Life within the cocoon: Supporting older people through COVID-19

As the impact of the COVID-19 coronavirus is being felt across society, and may be causing particular anxiety to our older population, Dr Declan Lyons, Dr Declan Donoghue, and Dr Syed Naqvi take us through some ways that we can support older people through the ongoing period.

Feeling the impact of the virus

An unprecedented level of societal anxiety around the unfolding coronavirus pandemic has gripped many of us, as we eagerly consume and anticipate the next morsel of scientific detail or grim statistic about the global impact of the virus.

Feeling the impact of the virus

One cohort reported to be particularly affected by the impact of COVID-19 is older people. Recently, older people, even if they are asymptomatic or displaying no symptoms of the virus, have been advised to consider isolating themselves from other members of the community, particularly younger people who might be carriers of coronavirus. Due to their advanced age and greater preponderance of underlying medical conditions, older people appear to be more vulnerable to develop severe illness associated with this virus.

We can instinctively speculate that quarantine is an unpleasant experience for those who undergo it, owing to the effects of separation from loved ones, loss of freedom and uncertainty over health status, never mind the inevitable boredom. Strictly speaking, quarantine is the separation and restriction of movement of people who have been potentially exposed to a contagious disease to ascertain if they become unwell, thereby reducing the risk of them infecting others. The term "isolation" refers to the separation of people who are diagnosed with a contagious condition from persons who are not sick, yet the two terms are frequently used interchangeably.
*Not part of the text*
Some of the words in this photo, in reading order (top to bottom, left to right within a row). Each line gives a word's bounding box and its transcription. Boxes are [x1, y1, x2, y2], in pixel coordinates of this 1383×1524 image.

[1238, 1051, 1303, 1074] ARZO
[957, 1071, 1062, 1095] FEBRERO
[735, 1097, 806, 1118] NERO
With this in mind, what advice and psychological support can family members, friends or healthcare professionals provide our senior citizens to mitigate these negative effects of lengthy periods of movement restriction and self-isolation?

Make self-care a priority

Boredom and isolation predictably cause distress for human beings, who are inherently programmed to be socially connected.

Make self-care a priority

Taking self-care seriously in the context of a transmissible community infection is as important as airline safety. In that scenario, we are metaphorically compelled to fit our own oxygen mask first, before being able to take care of others. Basic self-care, such as maintaining a good routine and sleep hygiene and minimising alcohol and other over-indulgences, is not selfish, but may be a very useful way to maintain a healthy immune system.

Stepping up the management of any chronic condition, such as chronic obstructive pulmonary disorder (COPD) or depression, may be especially prudent to avoid a cascade of insult to mind and body from poorly managed illness of any kind. Now is the time to take inhalers correctly or improve diabetic control. Vitamin D supplements may be important to discuss with your primary care doctor for those who staying indoors for prolonged periods, and exercise is important to avoid complications associated with immobilisation.
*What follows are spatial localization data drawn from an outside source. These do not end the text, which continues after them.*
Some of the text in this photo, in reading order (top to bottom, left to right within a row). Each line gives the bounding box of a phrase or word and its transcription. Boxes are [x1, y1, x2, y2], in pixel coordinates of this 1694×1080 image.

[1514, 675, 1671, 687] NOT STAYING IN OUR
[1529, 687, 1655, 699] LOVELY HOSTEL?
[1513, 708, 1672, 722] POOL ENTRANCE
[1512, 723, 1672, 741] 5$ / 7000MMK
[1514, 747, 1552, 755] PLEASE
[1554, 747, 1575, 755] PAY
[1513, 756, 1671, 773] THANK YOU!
A regular exercise regime is vital for everyone and may be very easy to implement, even within the confines of one’s home, through seated exercises, exercise equipment or walking circuits of one’s garden or corridors. Outdoor exercise in public places, whilst maintaining physical distance, may also be possible during different phases of the quarantine, but is likely to be at the discretion and advice of public health authorities.  

Minding the mind

Flattening the spike of psychological distress associated with COVID-19 may be easier for older adults, as opposed to younger people, as our seniors anecdotally have perhaps greater reserves of self-sufficiency and memories to contextualise the present crisis.

Minding the mind

Reframing the experience as a therapeutic hibernation, allowing quiet reflection and meditation, can be useful but, undoubtedly, the closure and temporary unavailability of community services will be challenging for many.

Filling the time productively and focusing on tasks that bring a sense of achievement, pleasure and closeness to others can instill a sense of satisfaction and prevent an accumulation of guilt; it could be the time to undertake an online course or learning programme, to learn a new language or to rediscover the joys of reading. Having background music to fill the void associated with too much silence can inhibit brooding and rumination which otherwise can excavate and reactivate excessive regret and negativity.

Equally, simple tasks that we have postponed, such as decluttering or cleaning, can finally be tackled, if we are otherwise fit and healthy during the quarantine, to help us reassure ourselves that we have made the most of the enforced isolation.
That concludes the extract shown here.